L’Italia con Gheddafi l’ha fatta fuori dal vaso

Sono successe tante cose in queste ultime settimane. Il nord Africa sta letteralmente bruciando, prima la Tunisia poi l’Egitto ed ora la Libia, senza dimenticare gli altri focolai sparsi per il mondo.

Insomma uno scenario apocalittico nel quale non è difficile immaginare che sia in atto un vero e proprio stravolgimento mondiale.

L’Italia si ritrova a dover fare i conti con una posizione geografica molto delicata, a pochi passi da quella fascia mediterranea che in così poco tempo ha visto saltare letteralmente in aria i regimi autoritari quali quelli di Ben Ali e Mubarak.

Manca all’appello ancora Gheddafi il quale fedele alla fisionomia del suo viso, dimostra di essere ciò che tutti già sapevano da tempo in tutto il mondo, cioè un pazzo sanguinario o per dirla alla Ronald Reagan “un cane idrofobo del deserto”.
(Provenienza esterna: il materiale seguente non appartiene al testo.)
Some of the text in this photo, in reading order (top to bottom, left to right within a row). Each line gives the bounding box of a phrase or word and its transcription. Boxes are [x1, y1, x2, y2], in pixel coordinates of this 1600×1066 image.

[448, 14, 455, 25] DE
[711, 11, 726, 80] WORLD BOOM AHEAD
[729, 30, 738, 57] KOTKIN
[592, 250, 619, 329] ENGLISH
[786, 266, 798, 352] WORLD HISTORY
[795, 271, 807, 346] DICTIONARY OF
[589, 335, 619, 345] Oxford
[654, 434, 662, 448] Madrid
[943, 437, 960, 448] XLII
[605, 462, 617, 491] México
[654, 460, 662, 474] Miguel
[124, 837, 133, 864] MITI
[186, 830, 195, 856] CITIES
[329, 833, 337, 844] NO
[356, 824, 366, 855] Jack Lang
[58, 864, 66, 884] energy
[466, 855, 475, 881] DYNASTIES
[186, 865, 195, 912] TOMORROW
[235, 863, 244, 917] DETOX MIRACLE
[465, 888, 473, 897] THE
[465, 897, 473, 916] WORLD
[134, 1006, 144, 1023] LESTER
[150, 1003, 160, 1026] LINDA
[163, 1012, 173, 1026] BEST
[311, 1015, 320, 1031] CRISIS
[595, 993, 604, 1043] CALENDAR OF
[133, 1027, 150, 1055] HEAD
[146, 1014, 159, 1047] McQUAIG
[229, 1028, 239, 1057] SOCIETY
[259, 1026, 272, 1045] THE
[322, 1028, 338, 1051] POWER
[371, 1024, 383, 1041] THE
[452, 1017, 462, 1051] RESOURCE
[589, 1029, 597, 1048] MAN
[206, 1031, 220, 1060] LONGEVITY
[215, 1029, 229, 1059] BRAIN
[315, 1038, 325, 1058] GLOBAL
Tutti sapevamo della feroce tirannia del colonnello libico, di tutte quelle sue “malefatte” perpetrate ai danni ora di questo Stato ora di quell’altro.

Tutti conoscevano il colonnello ma solo il nostro premier Silvio Berlusconi, cercava una nuova strategia nei rapporti internazionali dell’Italia con tutti quei paesi in cui sedessero dittatori o tiranni.
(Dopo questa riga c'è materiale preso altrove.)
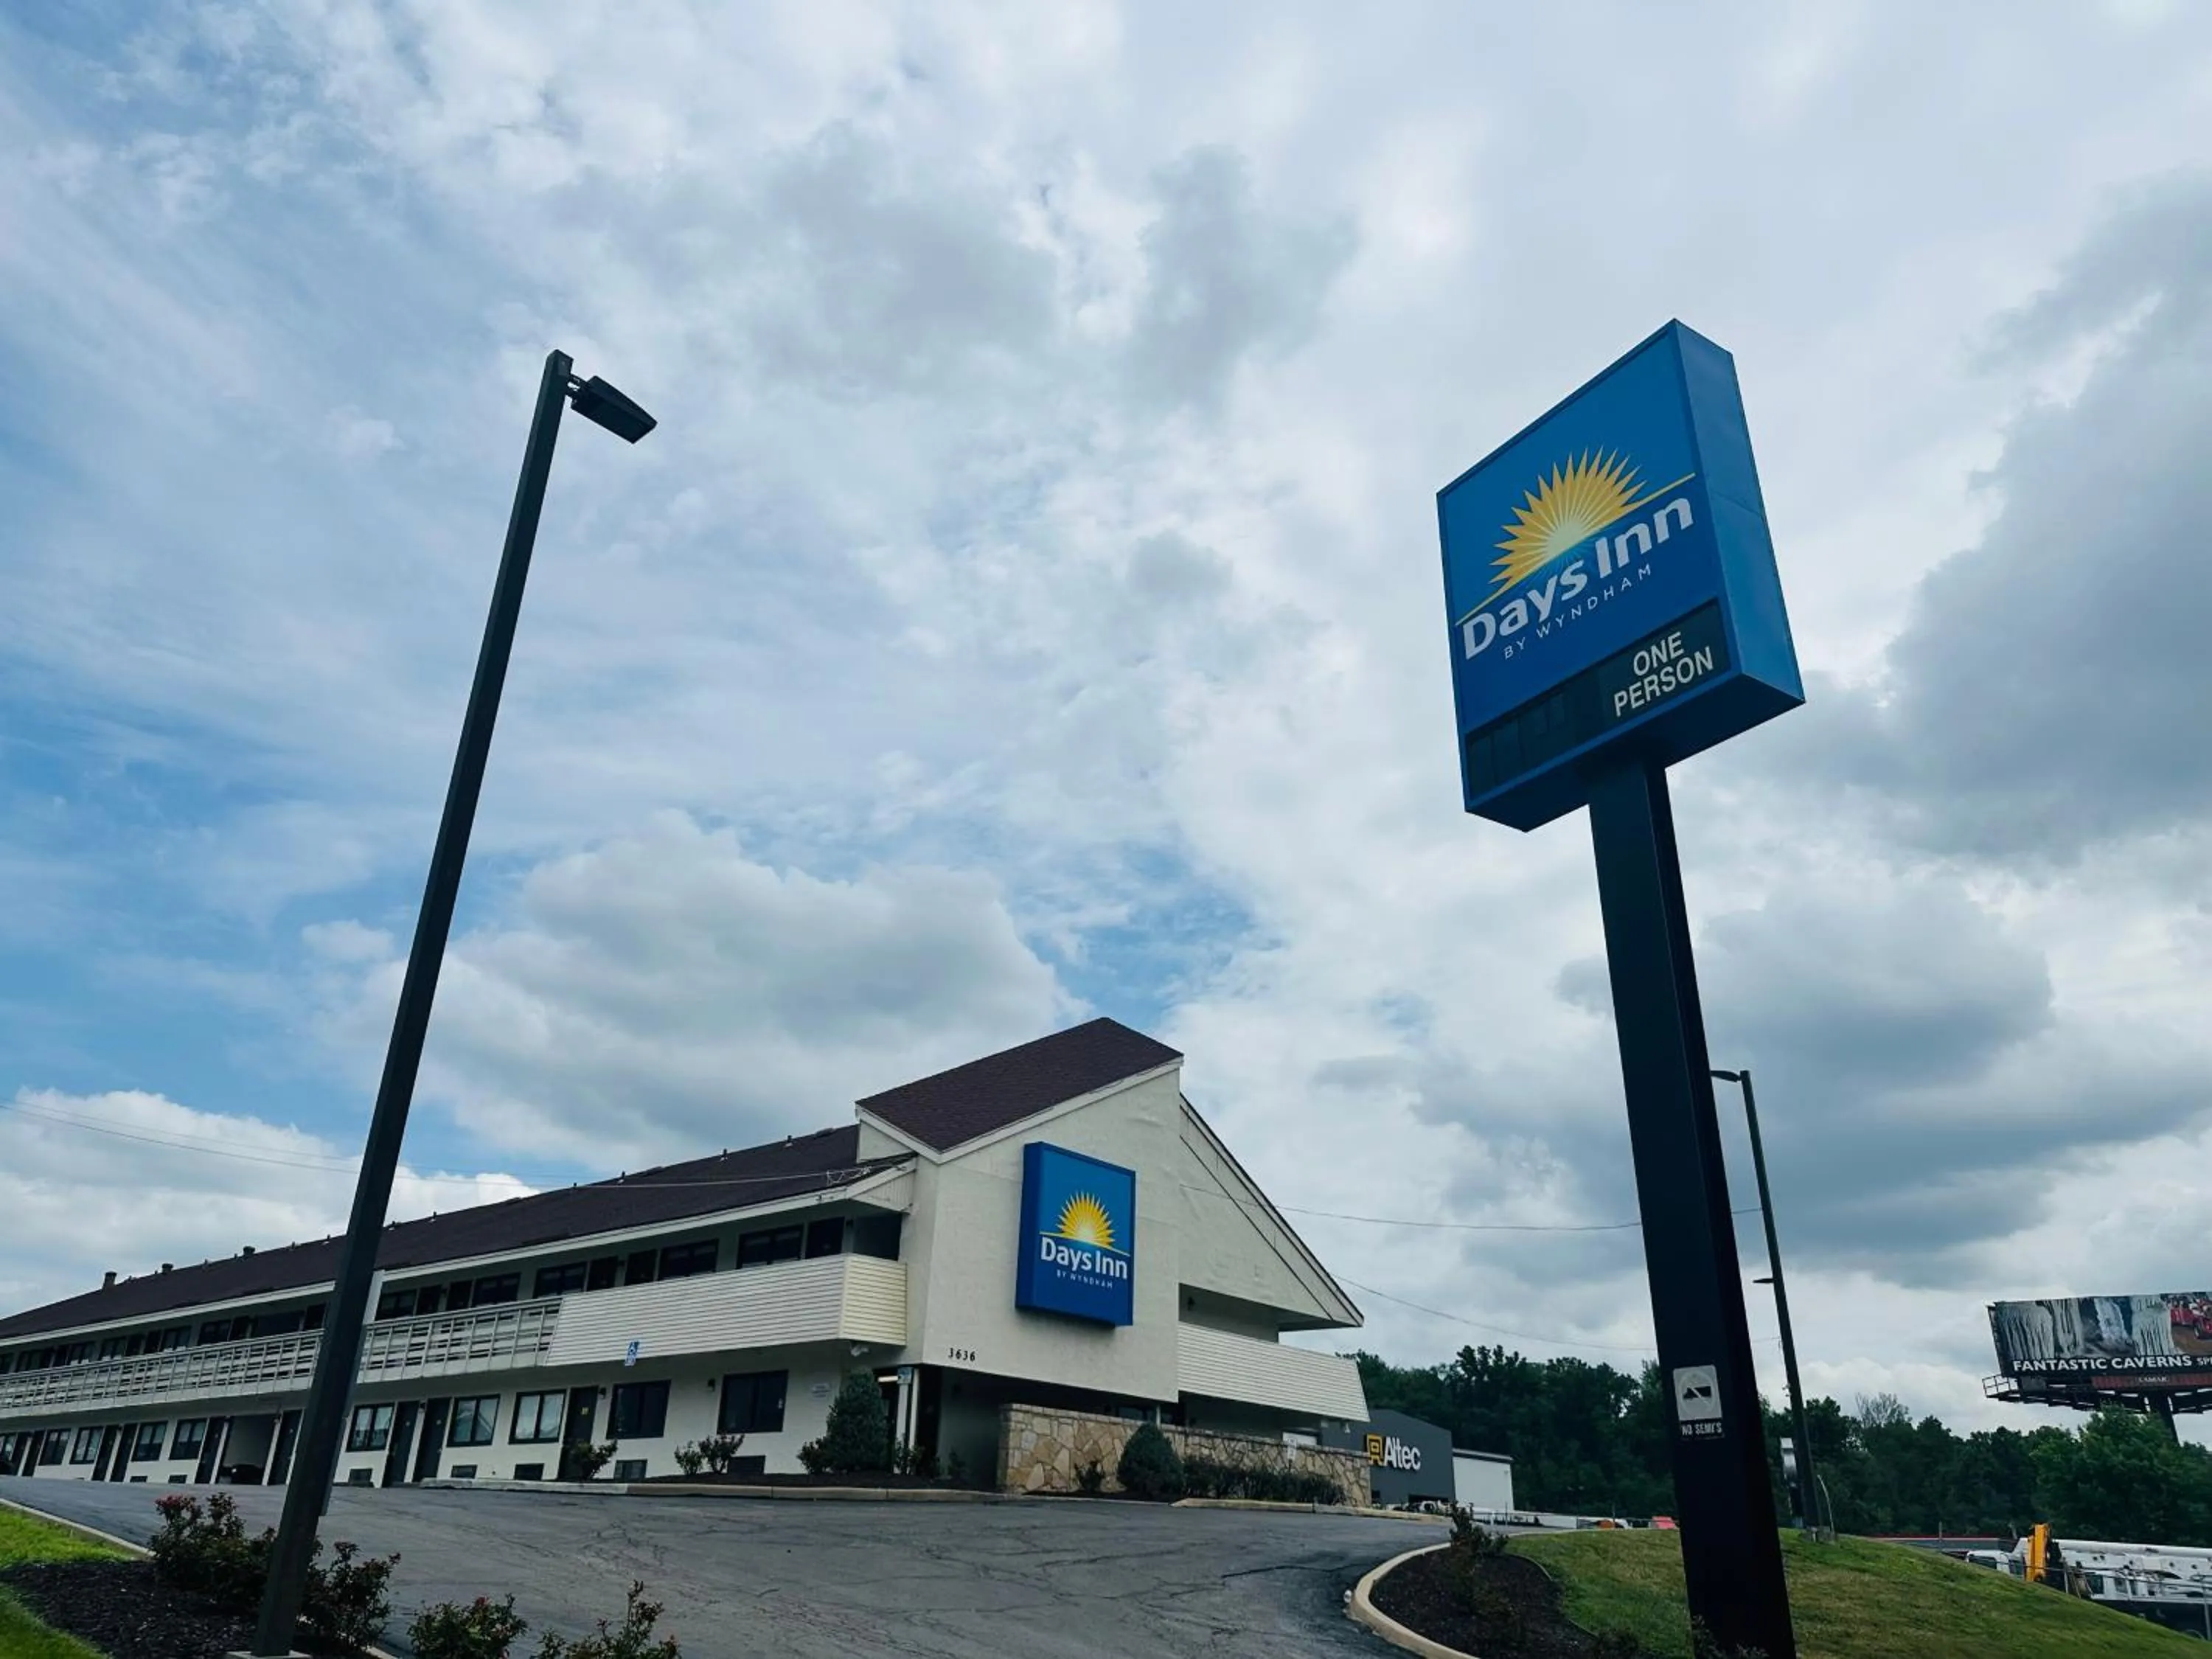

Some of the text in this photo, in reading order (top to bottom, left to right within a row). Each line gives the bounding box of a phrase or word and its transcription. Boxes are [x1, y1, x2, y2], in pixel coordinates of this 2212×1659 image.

[1462, 498, 1694, 661] Days Inn
[1503, 564, 1652, 661] BY WYNDHAM
[1613, 631, 1714, 717] ONE PERSON
[1040, 1236, 1128, 1280] Days Inn
[1056, 1269, 1113, 1290] BY WYNDHAM
[948, 1347, 976, 1363] 3636
[2013, 1354, 2212, 1372] FANTASTIC CAVERNS SP
[1681, 1424, 1693, 1436] NO
[1383, 1436, 1422, 1471] Altec
Basti pensare al baciamano del buon Silvio al ritrovato amico Muammar Gheddafi o agli elogi del nostro premier al dittatore Lukascenko per finire alle serate con tanto di intrattenimento musicale (vedi Apicella) con Valdimir Putin che partito come capo dei servizi segreti KGB è arrivato in poco tempo, a tutti gli effetti, a ricoprire la carica di  “propretario” della Russia.

Insomma non c’è che dire, il nostro buon Silvio Berlusconi ha dimostrato di avere fiuto nel disegnare le strategie internazionali, tanto da essere tenuto sotto osservazione dai diplomatici americani, i quali a ben vedere, dopo un pò di tempo hanno compreso che più che di un pericolo  si trattava di un vero e proprio clown da circo.

Insomma, oggi il governo italiano di fronte all’esplodere della rabbia dei popoli nord africani, contro i loro rispettivi regimi, pensa ad altro, fa finta di niente.

Forse è l’unico atteggiamento che i nostri governanti possono assumere, dopo averla fatta fuori dal vaso in quantità industriali.